Things to Consider When to Buy a House

Although housing inventory is scarce, there is a lot of demand. With mortgage rates at an all-time low, many homebuyers find themselves in bidding battles and sometimes even competing with all-cash offers.

According to housing experts, homes are selling for much more than the asking price in most competitive markets. They claim that 2020 has been an extremely strong seller’s market and that 2021 will likely be the same.

It’s possible to be contemplating buying a home. Experts believe there is no ideal time to purchase a house. However, the best time for you to do so is when it makes sense.

This is especially true when the U.S. remains in recession due to the coronavirus pandemic.

Adriana Buenrostro is a Santa Rosa-based real estate agent who advises people on low-interest rates. She states, “That’s great, if your down payment, steady income, and reserves are sufficient.” “If you don’t have enough money, or your job is insecure, then it all becomes a mess.”

These are the things you should keep in mind when deciding whether or not to buy a house.

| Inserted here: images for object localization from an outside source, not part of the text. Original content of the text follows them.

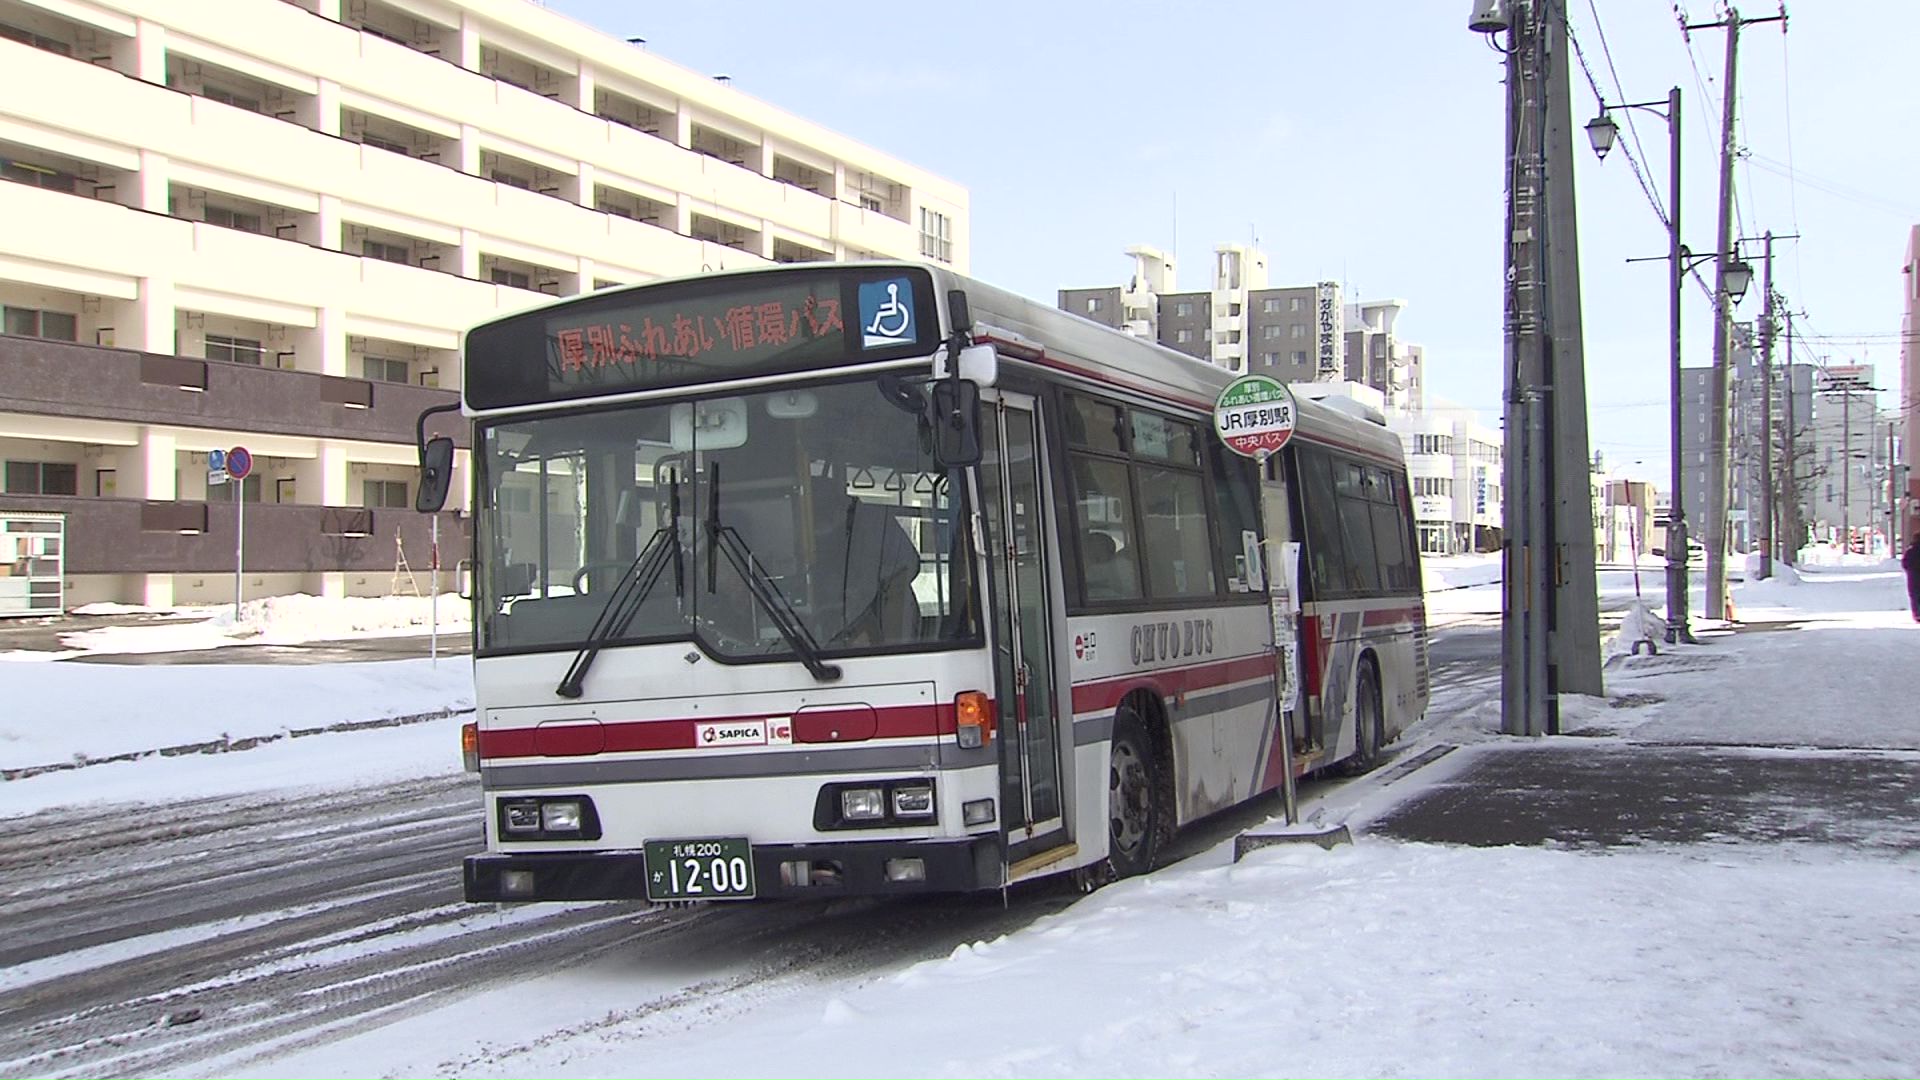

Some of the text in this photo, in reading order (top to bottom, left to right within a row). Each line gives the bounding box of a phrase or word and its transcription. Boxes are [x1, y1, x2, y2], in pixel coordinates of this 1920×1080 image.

[557, 296, 844, 372] 厚別ふれあい循環バス
[1220, 406, 1290, 430] JR厚別駅
[1235, 432, 1281, 448] 中央バス
[1130, 618, 1214, 666] CHUO BUS
[719, 728, 759, 739] SAPICA
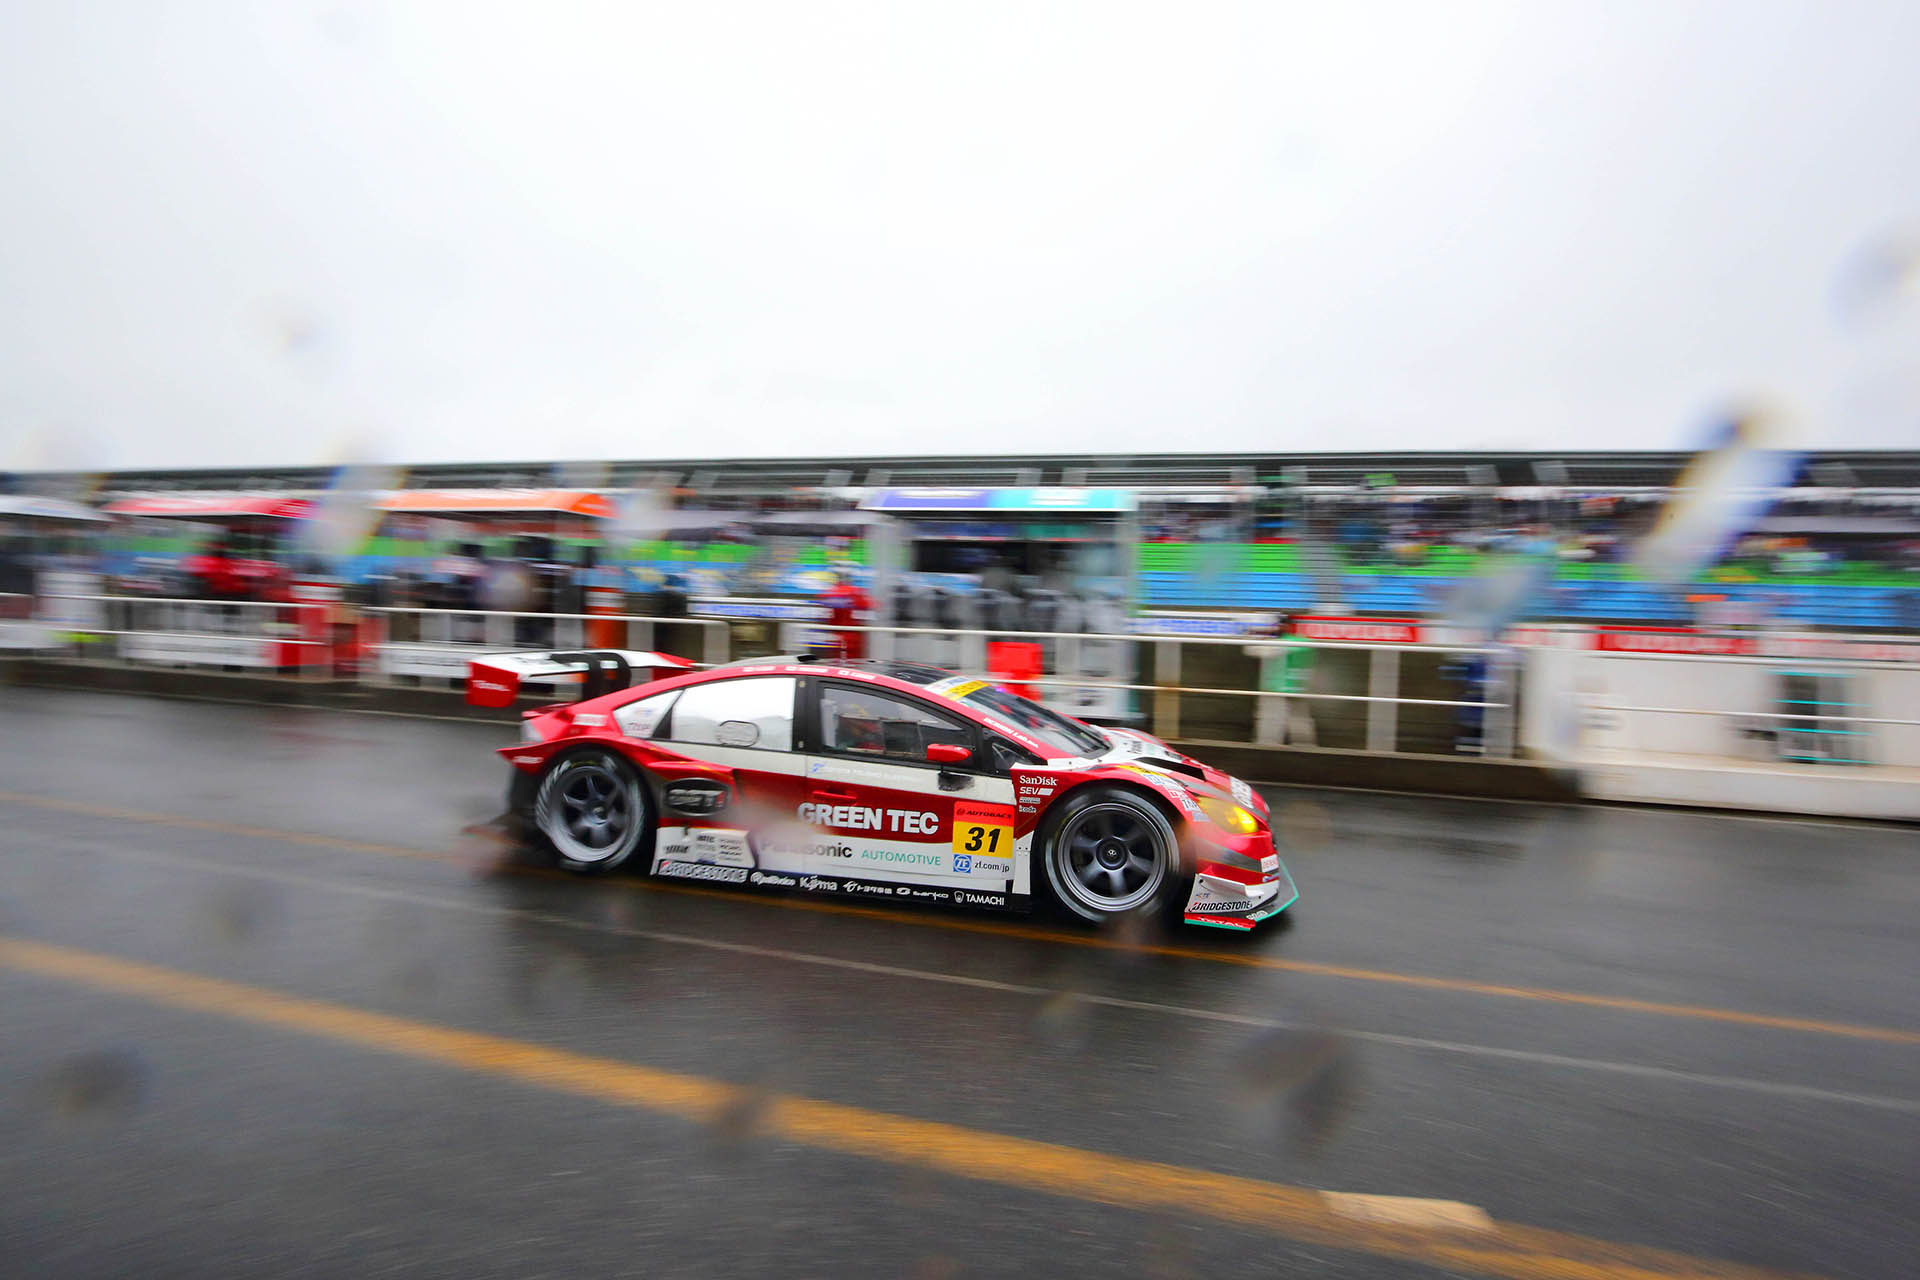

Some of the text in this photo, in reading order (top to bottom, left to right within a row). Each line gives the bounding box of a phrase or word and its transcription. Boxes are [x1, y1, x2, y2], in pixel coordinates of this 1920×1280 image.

[1019, 775, 1059, 786] SanDisk
[1019, 786, 1039, 796] SEV
[797, 802, 939, 836] GREEN TEC
[966, 809, 1012, 820] AUTOBACS
[965, 826, 1001, 853] 31
[761, 841, 853, 860] Psonic
[861, 850, 942, 866] AUTOMOTIVE
[965, 893, 1005, 906] TAMACHI
[1188, 900, 1252, 912] BRIDGESTONE

When is the right time to buy a home?
It can be dangerous if you don’t have the right financial resources to purchase a house. Here are five signs that you’re ready for a home purchase.

Stable income is yours
Financial security is essential before buying a home. A steady stream of income for at most a few years is a good indicator that you’re ready for homeownership.

Lenders will want to see a steady work history to determine if they have the money to pay the mortgage. Lenders will typically ask for W-2s for your last two years. Some lenders may ask for payslips for up to one year.

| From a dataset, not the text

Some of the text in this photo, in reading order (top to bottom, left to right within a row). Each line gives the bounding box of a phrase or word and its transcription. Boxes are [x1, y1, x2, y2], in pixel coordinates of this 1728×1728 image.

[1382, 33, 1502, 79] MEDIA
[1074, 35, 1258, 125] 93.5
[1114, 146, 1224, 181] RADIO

You Can Take Charge of Your Debt
Next, you need to consider your debt to income ratio (DTI). This measures how likely it is that you will be able to afford your monthly mortgage payment given your monthly income and current debt.

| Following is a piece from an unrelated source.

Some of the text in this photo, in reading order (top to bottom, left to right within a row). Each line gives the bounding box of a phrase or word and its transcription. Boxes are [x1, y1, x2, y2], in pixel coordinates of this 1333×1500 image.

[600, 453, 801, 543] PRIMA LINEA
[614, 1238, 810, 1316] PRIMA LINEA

DTI usually includes student loans, car payments, credit card debt, and credit cards. But it doesn’t include daily living expenses like food and gas. The Consumer Financial Protection Bureau states that although the maximum DTI limits can vary from lender to mortgage type, most lenders look for a DTI of less than 43%.

The better, the lower it is. Do not invest in real estate if your DTI exceeds that level.

There is enough money to go around
Your lender will also verify that you have enough money to cover the initial cost of buying a house.

Particularly, save enough money for closing costs and the down payment.

Depending on what type of mortgage you have, the down payment maybe 3.5% to 20% of your home’s purchase cost. Closing costs are usually an additional 2%-5% to the purchase price of the home.

Lenders will also want to see enough money in your accounts to cover future mortgage payments as well as emergency expenses.

Your credit score is excellent
Lenders determine how risky a borrower is using their credit scoring models. According to Dan Moralez (a mortgage lender and regional vice-president at Northpointe Bank, Michigan), good credit was defined as having a score of 600 or 700 before the pandemic. It’s now in the mid 700s and higher, he explains.

Before buying a home, you should verify your credit report as well as your credit score. Every year, you can access your credit reports from all three credit agencies free of charge. This is also true for every week up to April 2021. Visit a free credit score site to check your credit score. In many cases, you can also access it online through your credit card account.

Lenders are more cautious because of the pandemic. Therefore, make sure to review your credit report carefully for any errors that might impact your creditworthiness.

Are you ready to settle down?
A house purchase is expensive. Your down payment and closing costs will also be included in the cost of your home.

If you know you will be staying for an extended time in the same place, then you should buy.

Moralez says, “It is important to consider your longer-term goals.” “First-time homebuyers often just start in their careers. Do they plan to stay close to home or do they want to change jobs that will allow them to move?

You should also remember that selling your home in the future could be difficult and costly, as the seller often pays commission to a realtor.